One may find that the way the officers conduct their business and the way the commoners response are somewhat beyond believe. I know that the author is genuinely telling the truth, for I was detained in China twice, once for a month and once for 3 days.

I have read the original Chinese version of the book and also some background material about the author. Within three months after he arrived at US he was diagnosed to have final stage liver cancer. The auther immediately started writing his memoir in the hospital bed hoping that he would leave something valuable for his daughter Little Snow. Miraculously his cancer was gone when he finished writing his book!



Rating: 4 stars
Summary: An adventurous story
Review: I have read the original Chinese version of the book, and found the conversations the most interesting. There are indeed times when the language becomes vulgar - the dialogues between the commoners and the officers, for example - but this shows the author's honesty in writing his book. I found the chapter dealing with his journey to the Soviet Union the most brilliantly written. The author goes through some reflection, admitting the mistakes of the student leaders, including his own. His journey witnesses his change from playing the role of an intellectual to that of a commoner, and it is through this change that he truly understands the fate and lives of the Chinese people.
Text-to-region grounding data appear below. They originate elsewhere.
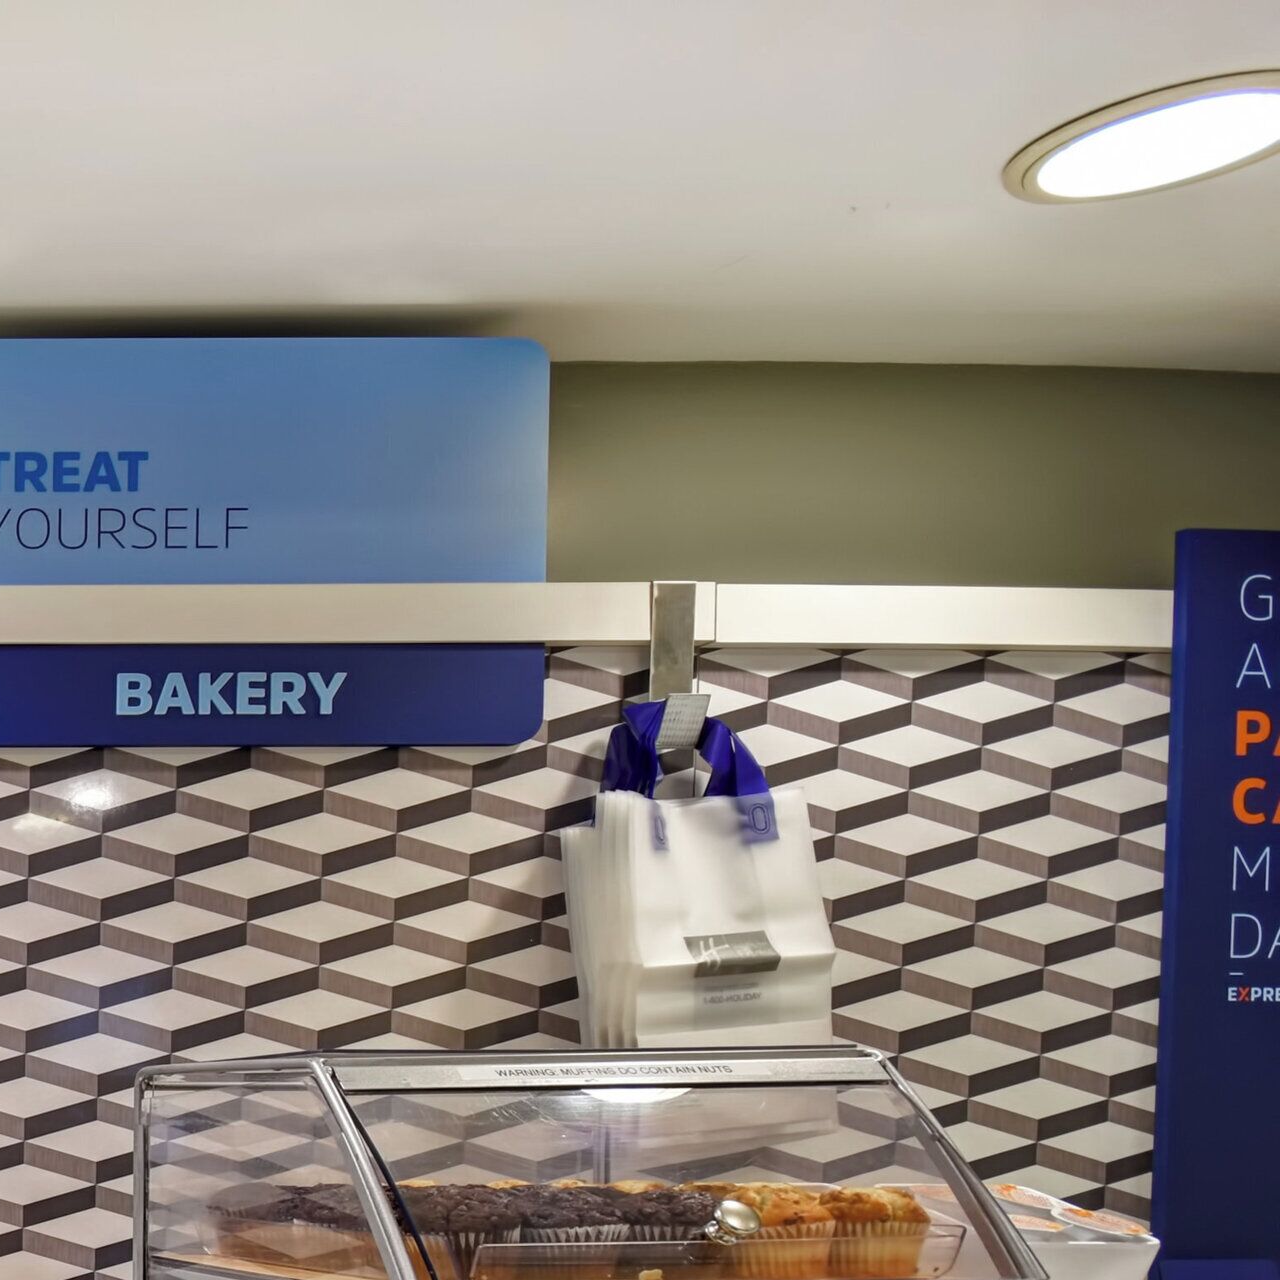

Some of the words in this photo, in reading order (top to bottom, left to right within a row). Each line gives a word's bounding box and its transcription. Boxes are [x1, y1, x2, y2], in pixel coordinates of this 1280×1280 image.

[115, 671, 348, 717] BAKERY
[1235, 710, 1280, 757] P
[1232, 777, 1280, 825] C
[496, 1068, 556, 1077] WARNING:
[560, 1067, 616, 1076] MUFFINS
[618, 1067, 638, 1075] DO
[640, 1066, 696, 1075] CONTAIN
[698, 1065, 733, 1074] NUTS
The relationship (and its development) between the author and his wife is very sad, but worth the reader's attention.

Rating: 3 stars
Summary: telling truth or not
Review: I was a strong supporter of the Tiananmen movement for freedom and democracy, and those leaders were once a time my heros and heroines. But now I began to question the truth of their statements. They were not respectable as they claimed, and they did something actually not decent during the movement. When the others were on hunger strike, some of them were eating in local restaurants using the donations from those poor students, which were intended to fund the movement. What they have done later in the US is also disappointing. During my years in Beijing University, I secretly contacted some classmates of the former leaders, who I believe are honest people. They gave a totally different description of the deeds of those former heros. The Communists did kill the students, but the roles of these leaders in this movement should be studied more carefully before I believe them. I highly respect those died at the Square for the freedom and democracy of China, but those leaders are not my heroes any more, and began to question their doings in the horrible summer of 1989.